American food writer Nancy Singleton Hachisu pays tribute to Japanese cuisine in new cookbook

  • Nancy Singleton Hachisu moved from California to Japan in 1988, fell in love and married a Japanese farmer and has lived on a rural farm ever since

Nancy Singleton Hachisu – an American who is married to a Japanese farmer and has lived in rural Japan since 1988 – faced a daunting task when she was asked to write a cookbook about the cuisine of her adopted country. Although she had written two cookbooks focusing on Japanese food – Japanese Farm Food (2012) and Preserving the Japanese Way (2015) – she didn’t realise what she was taking on with Japan: The Cookbook (2018).

She doesn’t regret it, though, as she writes in the introduction, “Had I known how gargantuan the project would prove to be, I still would have agreed to write this book.

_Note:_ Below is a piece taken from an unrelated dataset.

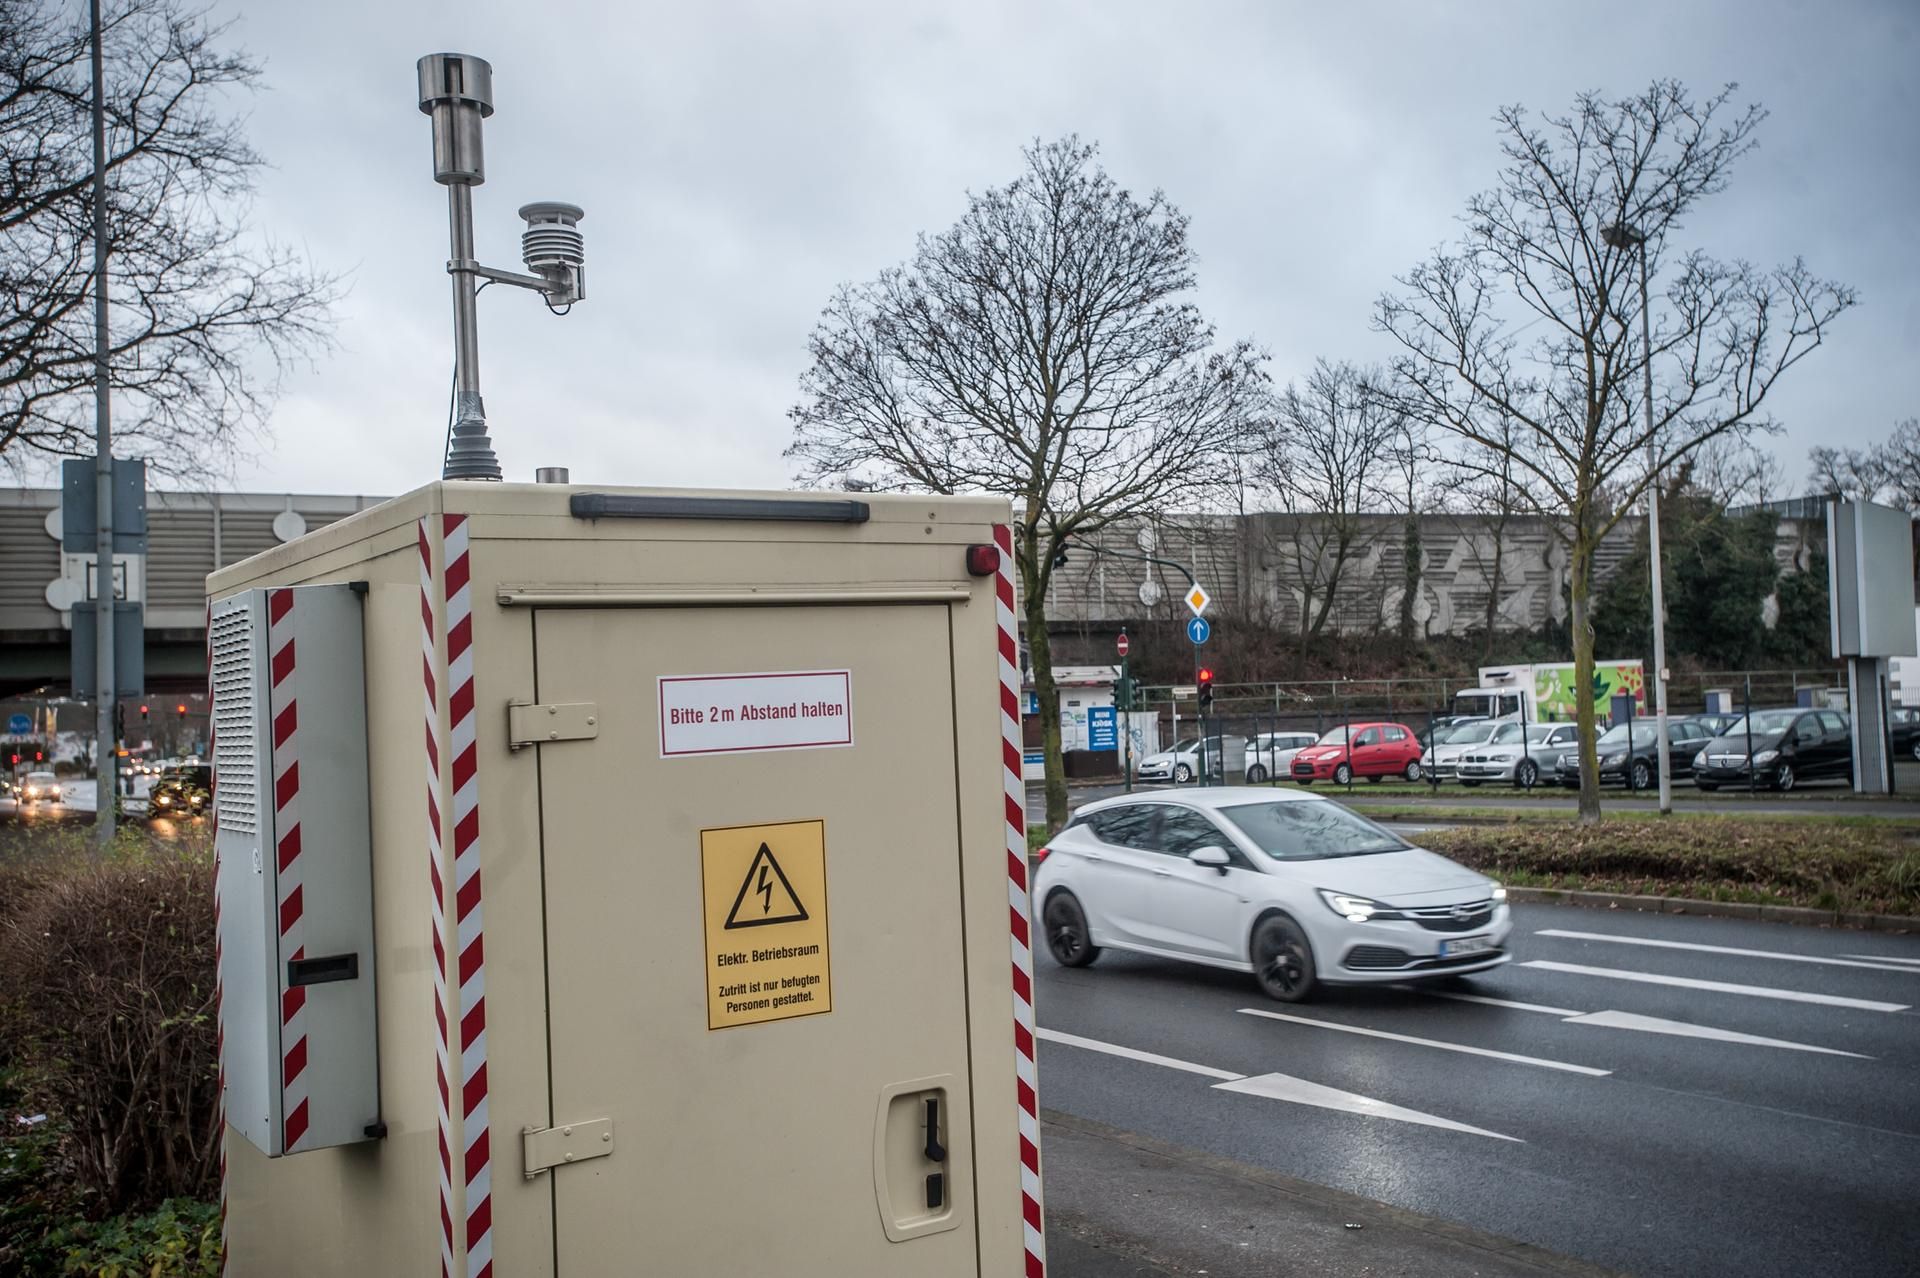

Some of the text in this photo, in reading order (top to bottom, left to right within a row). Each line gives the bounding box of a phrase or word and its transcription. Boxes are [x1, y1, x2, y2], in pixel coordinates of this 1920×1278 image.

With all the collective effort of the cooks and artisans in Japan, the photographers, and the publisher, this final work is impressive in its contribution. I feel like less the author and more the conduit, for sharing this moment in time of Japanese food.

Preserving the Japanese Way lifts lid on pickling, salting and fermenting

“Today’s food distribution systems are such that almost all global foods are avail­able in Japan. This has diluted traditional culinary mores, and one ironic result of that is an increased nostalgia for those very traditions. All kinds of Japanese ingredients, even somewhat obscure ones from small producers, are also now accessible throughout Japan, which has given rise to a renewed interest and excite­ment about previously regional Japanese food.

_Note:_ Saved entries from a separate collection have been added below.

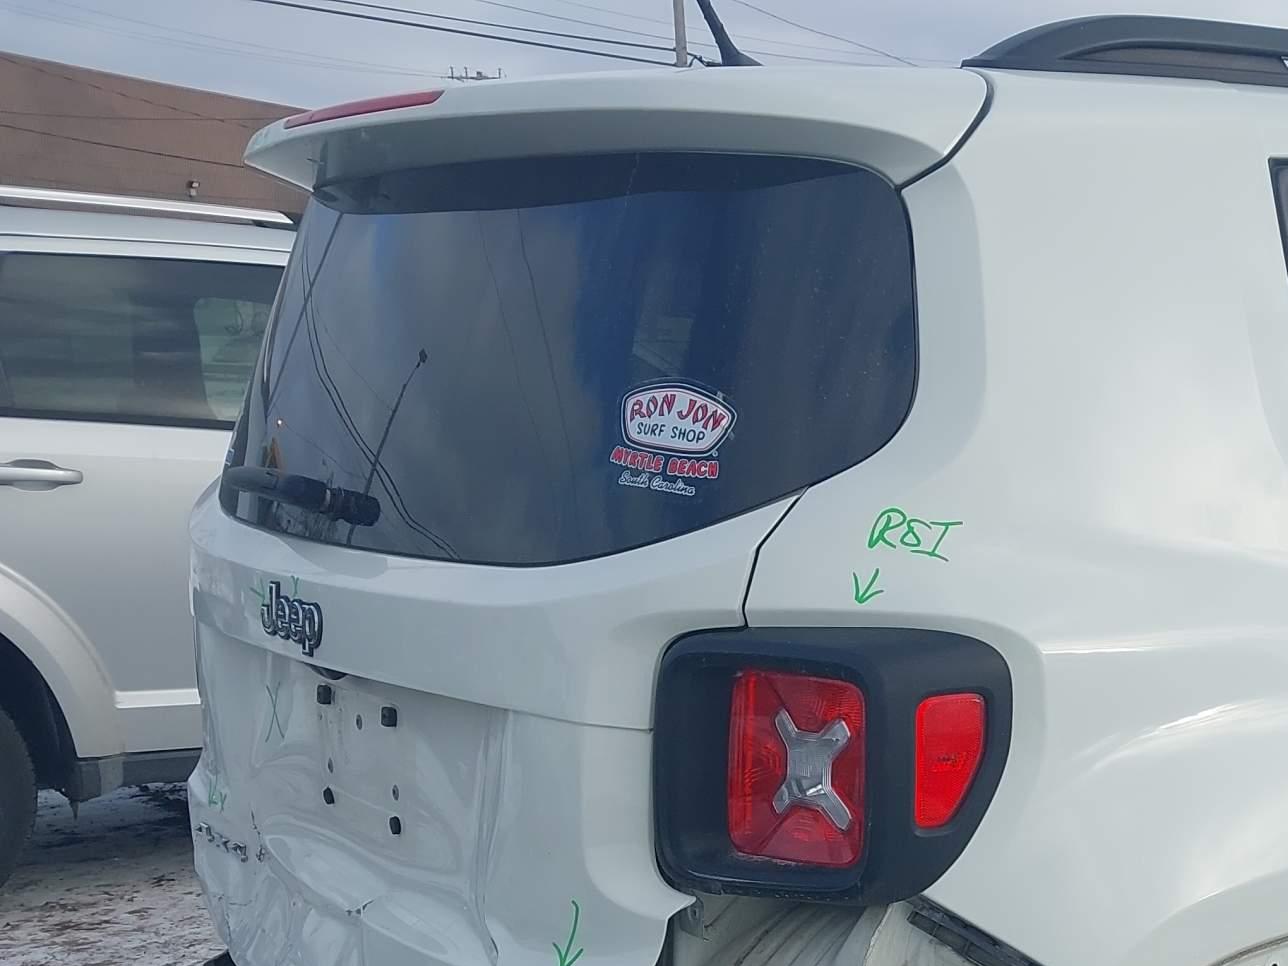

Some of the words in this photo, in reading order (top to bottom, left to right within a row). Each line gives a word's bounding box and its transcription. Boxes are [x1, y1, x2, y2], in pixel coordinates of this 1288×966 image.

[630, 393, 676, 422] RON
[677, 398, 726, 432] JON
[637, 422, 666, 437] SURF
[671, 426, 706, 443] SHOP
[610, 446, 665, 473] MYRTLE
[667, 457, 719, 479] BEACH
[619, 470, 649, 488] South
[650, 476, 695, 496] Carolina
[261, 581, 323, 657] Jeep

“Because everything is available everywhere in this day and age, Japan: The Cookbook is not an examination of ‘regional’ cooking traditions, as much as a curated experience of Japan’s culinary framework from a specific moment in time. Using both fine and generous strokes, I have put together what I hope is a broad and rich picture of the food of this island nation.”

The recipes are given by cooking style, such as vinegared, simmered, steamed, soups, stir-fries, fried and grilled. There is also a chapter on recipes by chefs in Japan and elsewhere: Yoshihiro Imai, of Monk, in Kyoto; Shinobu Namae, of L’Effervescence, in Tokyo; and Martin Benn, of Sepia, in Sydney (which is closing this month and moving to Melbourne).

Nancy Singleton Hachisu. Picture: Phaidon

Recipes include vinegared octopus and wakame; asparagus with sesame vinegar dressing; chrysanthemum petal-steamed fish balls; spicy fried chicken meatballs; kabocha croquettes; soy sauce-pickled cucumbers; oyster and miso nabe; sukiyaki; stir-fried negi with miso; agedashi tofu with grated daikon; foil-grilled crab and eggplant; and ginger-soy chicken rice bowl.